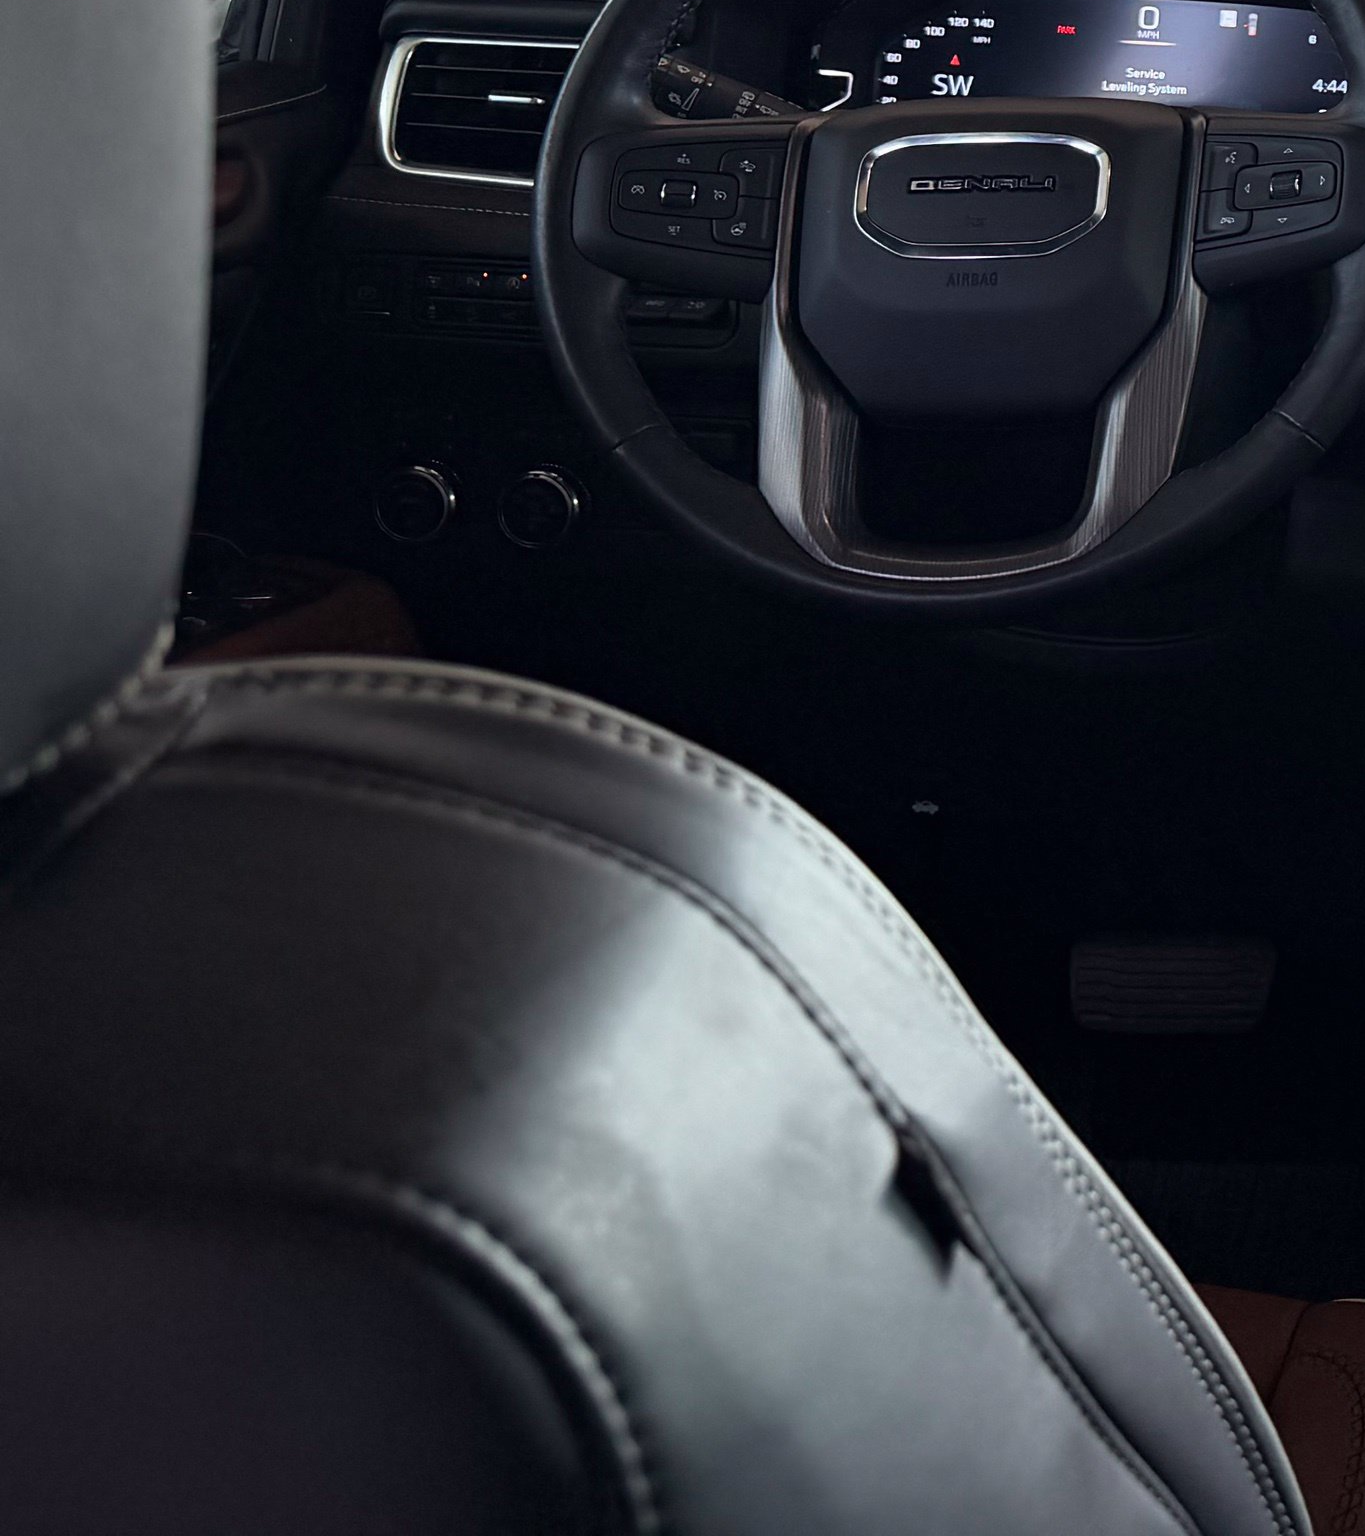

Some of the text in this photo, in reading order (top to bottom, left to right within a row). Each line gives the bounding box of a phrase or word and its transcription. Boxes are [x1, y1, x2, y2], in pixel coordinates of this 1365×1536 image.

[947, 17, 995, 29] 120 140
[1138, 5, 1160, 30] 0
[923, 26, 945, 36] 100
[1137, 30, 1160, 40] MPH
[881, 75, 899, 85] 40
[1125, 67, 1166, 80] Service
[930, 73, 975, 96] SW
[1101, 80, 1188, 96] Leveling System
[1312, 79, 1348, 94] 4:44
[909, 176, 1055, 192] DENALI
[946, 272, 998, 287] AIRBAG

================

Every entry should be repeated verbatim, with the pictures left out.

Some of the text in this photo, in reading order (top to bottom, left to right within a row). Each line gives the bounding box of a phrase or word and its transcription. Boxes are [x1, y1, x2, y2], in pixel coordinates of this 1365×1536 image.

[947, 17, 995, 29] 120 140
[1138, 5, 1160, 30] 0
[923, 26, 945, 36] 100
[1137, 30, 1160, 40] MPH
[881, 75, 899, 85] 40
[1125, 67, 1166, 80] Service
[930, 73, 975, 96] SW
[1101, 80, 1188, 96] Leveling System
[1312, 79, 1348, 94] 4:44
[909, 176, 1055, 192] DENALI
[946, 272, 998, 287] AIRBAG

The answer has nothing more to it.